A um canto o riso ensurdecedor e estúpido das hienas. No centro leões e ovelhas.
No meu vestiário éramos sempre os mesmos, a vestir o uniforme que dizia o que faço. Alguns habitavam o já tradicional fato-de-macaco. É sépia.
Assim que abri a boca, os olhares repetiram a ladaínha do "lá vem ele com a mania", nunca me achei muito psicótico...
Engoli algumas palavras e saiu-me um bom-dia.

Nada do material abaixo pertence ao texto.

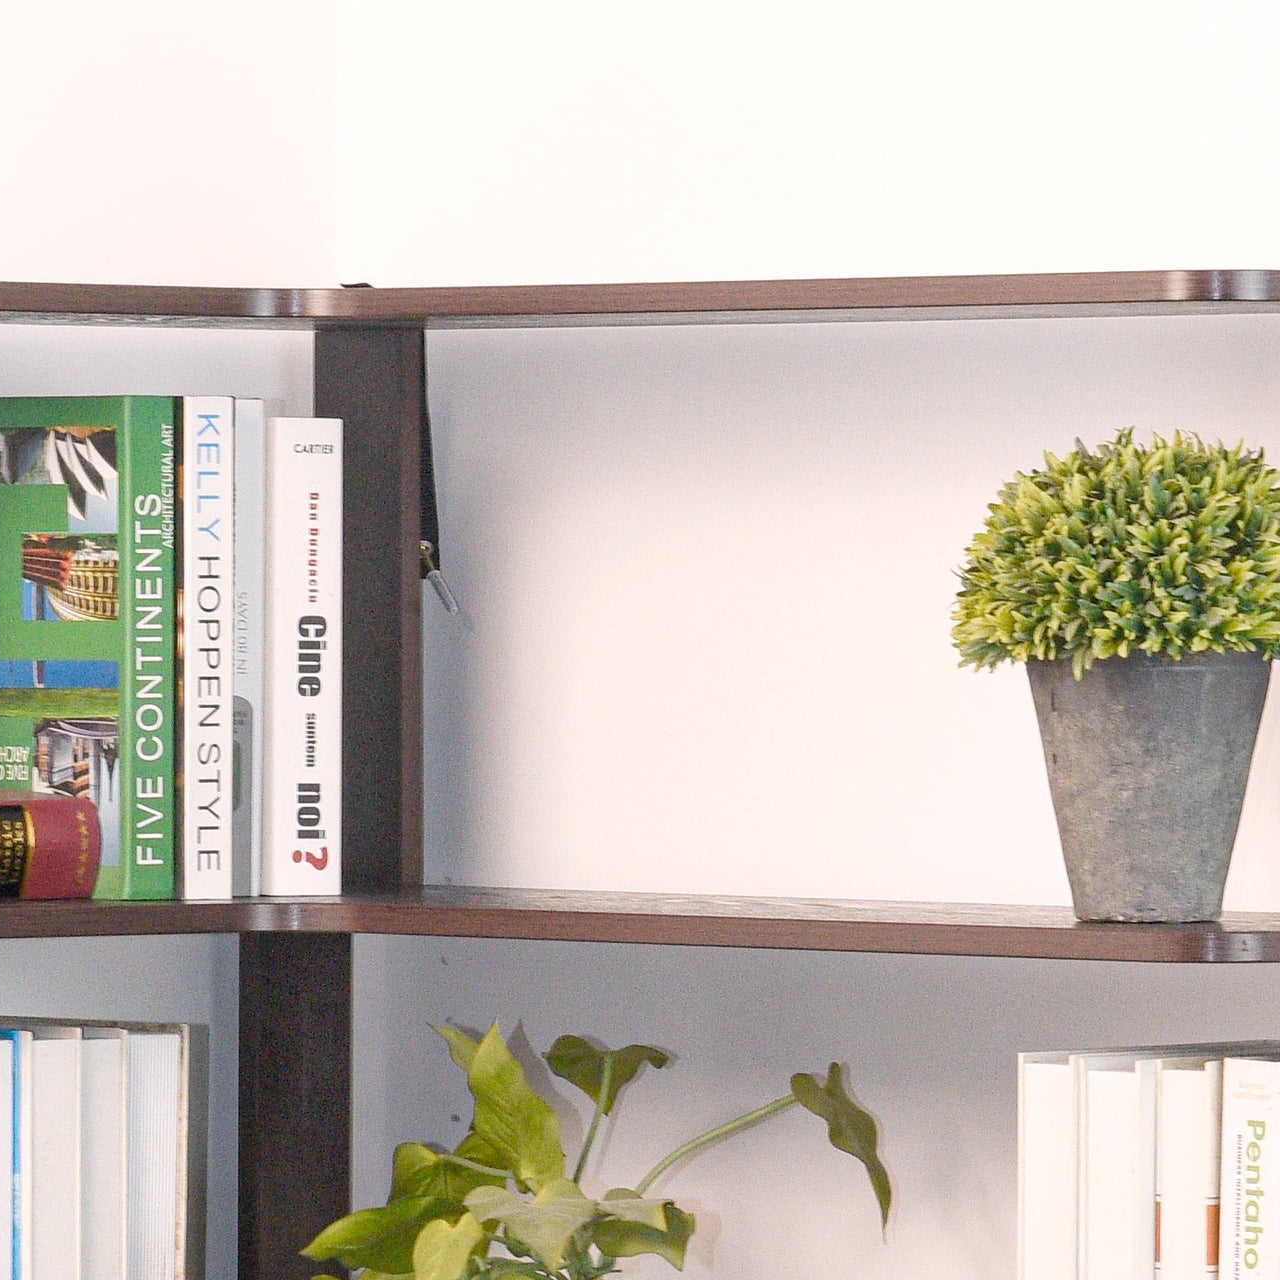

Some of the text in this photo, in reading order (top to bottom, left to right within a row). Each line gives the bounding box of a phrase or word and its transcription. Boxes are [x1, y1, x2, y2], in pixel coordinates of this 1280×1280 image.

[161, 423, 174, 549] ARCHITECTURAL ART
[293, 443, 334, 455] CARTIER
[134, 494, 164, 866] FIVE CONTINENTS
[196, 414, 221, 872] KELLY HOPPEN STYLE
[297, 615, 327, 697] Cine
[6, 764, 29, 780] FIVE
[1244, 1119, 1266, 1270] Pentaho
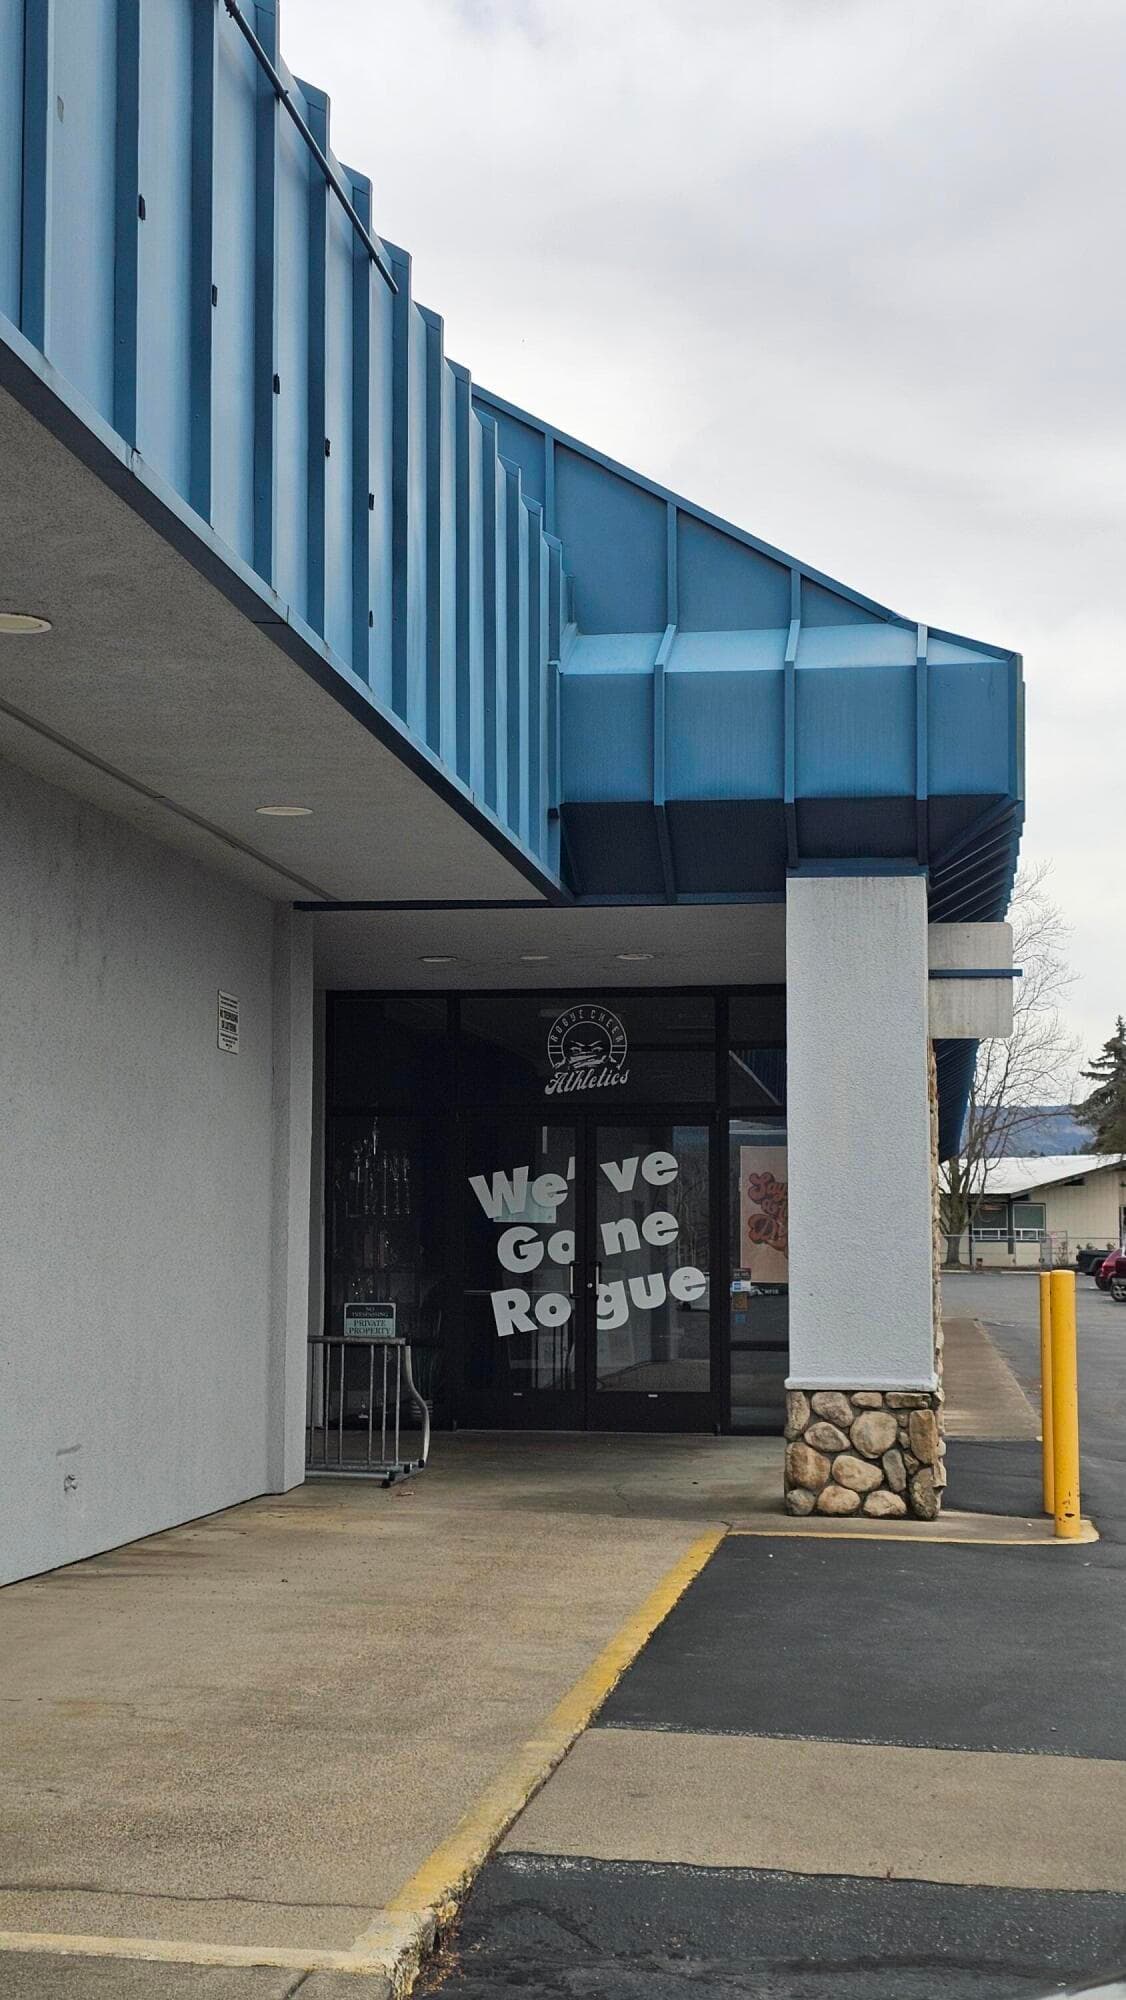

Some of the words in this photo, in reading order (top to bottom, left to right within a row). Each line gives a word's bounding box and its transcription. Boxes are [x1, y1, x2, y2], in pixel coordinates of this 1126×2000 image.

[550, 1009, 585, 1042] ROGUE
[590, 1009, 624, 1043] CHEER
[544, 1067, 630, 1095] Athletics
[497, 1211, 679, 1274] Gone
[490, 1266, 707, 1337] Rogue
[349, 1327, 391, 1335] PROPERTY
[353, 1319, 387, 1327] PRIVATE

Depois foi fazer, fazer e mais fazer.
Invariavelmente, como na escola, os grupos agrupavam-se sem darem conta, e dei por mim a falar com os que sofriam de olhares.
Entre as hienas, que se riam da desgraça alheia e gostavam de ver o circo a arder e as ovelhas que mugiam sim, surgiam cumplicidades divertidas. Ria-me sob olhares.
Entre os que engoliamos palavras e os outros, os diálogos eram frequentes e profissionais, quase amistosos.
Envolvia-nos um cinismo que tornava possível pagar as contas.
Até que um dia o chefe morreu.
Entre aleluias, tentaram todos falar na mesma língua. As desconversas sucederam-se e a carta de demissão saiu-me em verso.
Mas as contas por pagar falaram tão mais alto do que a minha raiva que continuei por ali ao assobio.
[gostei muito do teu poema. Manténs a invulgaridade como linha, e apesar do céu (cada um tem o seu), há uma intimidade que o sujeito poético transmite. O leitor, ao procurar as leituras do texto, fica até um pouco incomodado com as hipóteses. Rende-se aos Yes no youtube e indecide-se se há-de rir, ou amargar.]